| WORK TO BE COMPLETED |
Copy the records word for word. Pictures do not go in.

* * *

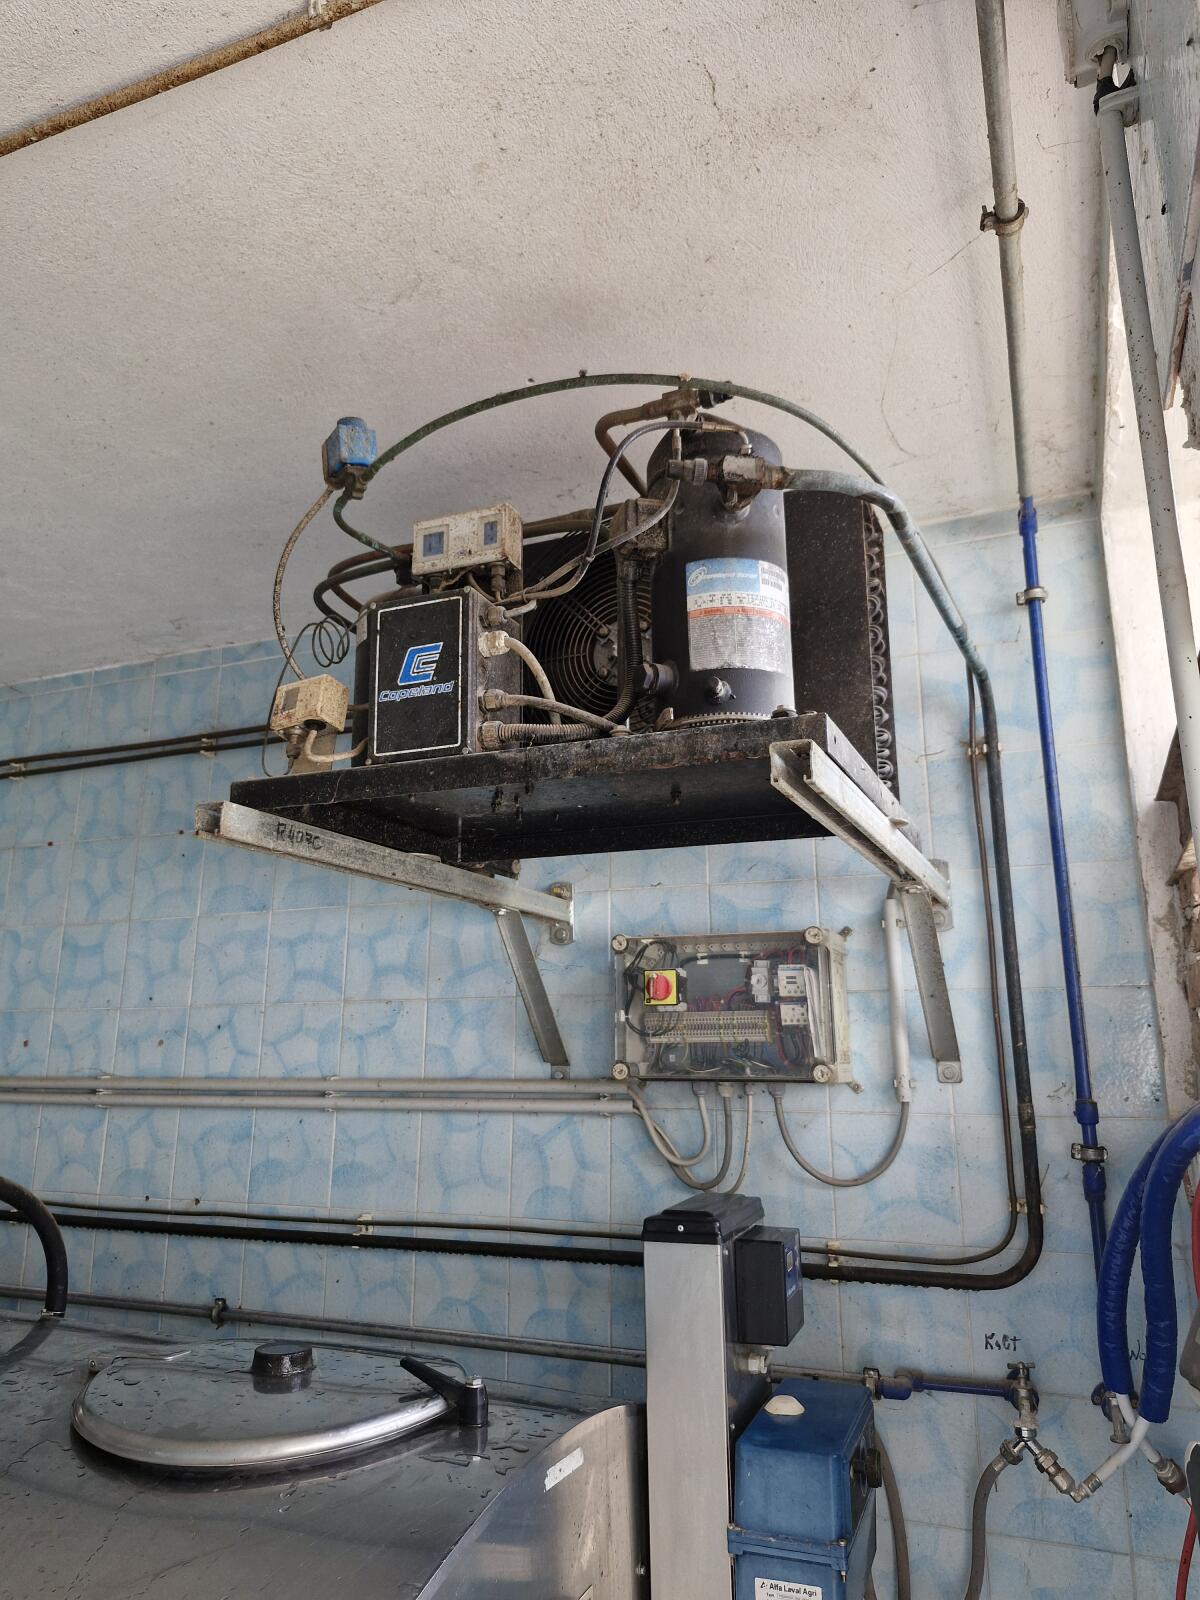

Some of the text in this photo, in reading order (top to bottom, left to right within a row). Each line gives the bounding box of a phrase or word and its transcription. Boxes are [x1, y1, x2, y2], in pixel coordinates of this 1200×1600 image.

[378, 680, 455, 703] Copeland
[769, 1582, 783, 1591] Alfa
[783, 1585, 801, 1594] Laval
[802, 1588, 817, 1597] Agri

* * *

| RESPONSE TO THE EXERCISE |
Some of the text in this photo, in reading order (top to bottom, left to right within a row). Each line gives the bounding box of a phrase or word and its transcription. Boxes are [x1, y1, x2, y2], in pixel coordinates of this 1200×1600 image.

[378, 680, 455, 703] Copeland
[769, 1582, 783, 1591] Alfa
[783, 1585, 801, 1594] Laval
[802, 1588, 817, 1597] Agri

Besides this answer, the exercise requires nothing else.